The UK government won’t release a damning report on ticket fraud because its findings are “too sensitive,” according to the Daily Mirror.

Andrew Penman and Nick Sommerlad from the paper’s investigations team reckon it’s embarrassing to politicians and police because it shows they’ve left criminals free to make £40 million per year from ticket fraud.

It would be more embarrassing for the government if, as the Mirror and other UK newspapers have suggested, the report actually advocates for regulation of the secondary market, due to the involvement of organised criminal networks and the fact that it breeds corruption within the live event industry.

“It reinforces the view that fans are being ripped on a massive scale, and that the industry wouldn’t be able to tackle it without legislation,” the Mirror explained.

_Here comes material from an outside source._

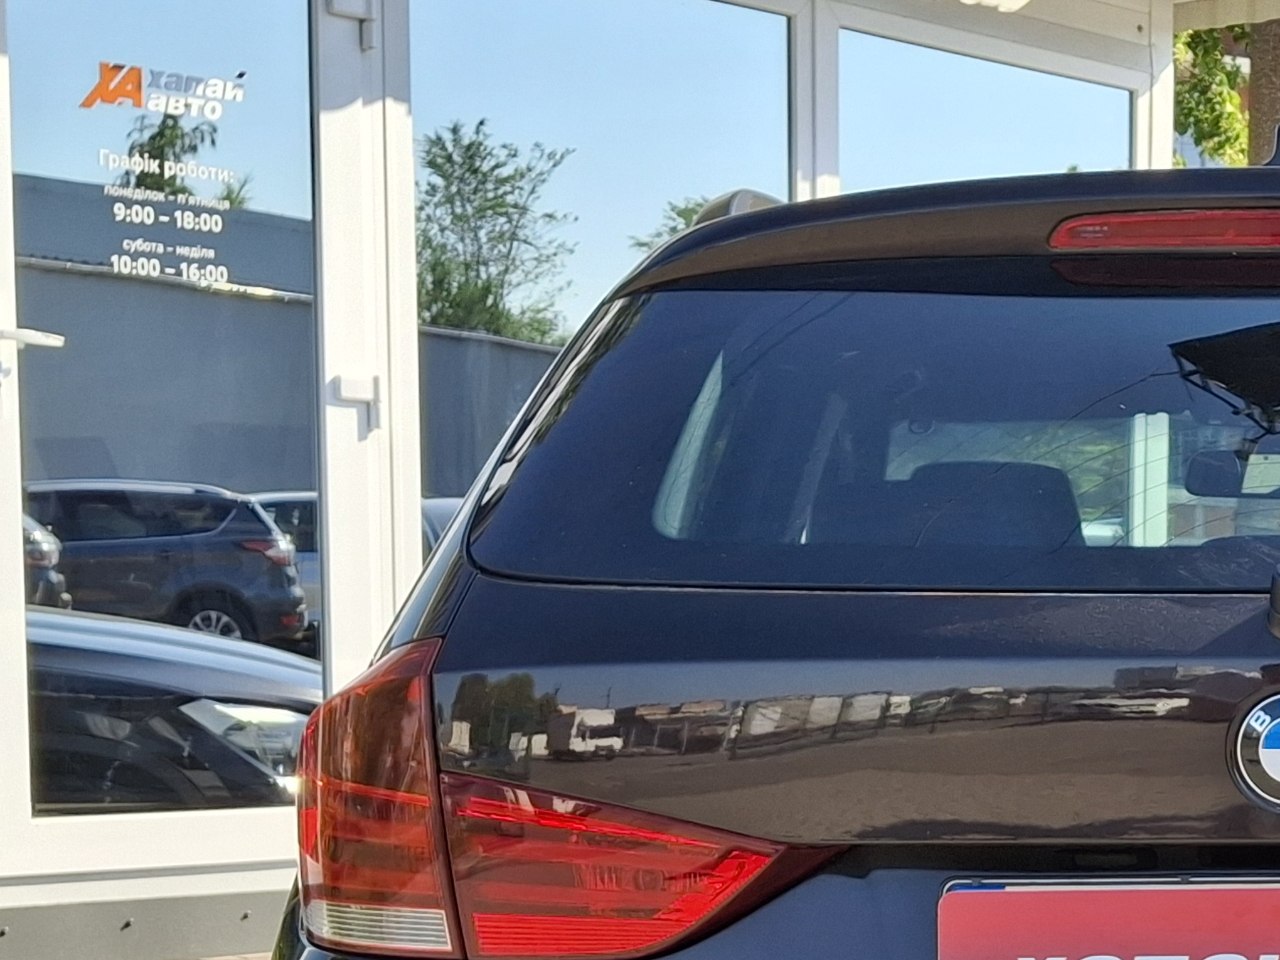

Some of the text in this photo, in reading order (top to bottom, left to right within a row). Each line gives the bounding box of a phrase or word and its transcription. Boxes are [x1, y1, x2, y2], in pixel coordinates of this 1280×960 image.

Labour MP Sharon Hodgson, who has been campaigning for legislation to regulate touts, was turned down when she asked the Home Office and the Department for Culture, Media and Sport (DCMS) to put copies of the report they’d received from Operation Podium in the House of Commons Library.

 A month ago the Mirror said the report from Operation Podium, which was set up to stop ticket touts hawking seats for the Olympic Games, showed concern that there would be a “policing void” when it was shut down.

So, now that the Games are over, the UK government has no more interest in what happens on the secondary market?

Or, as the Mirror put it, “Is the government trying to shelve a damning police report which slams politicians and ‘disinterested’ police officers for failing to crack down on rampant ticket crime?”

The government holding back the information isn’t good news for Hodgson or for her Conservative Party ally Mike Weatherley, who has been trying to get a meeting with Maria Miller, the new minster at the DCMS, to see if there’s been any change in the government’s position in the six months or so since she took over.

“I highly doubt this will be the case,” is the less than optimistic view from Hodgson’s office.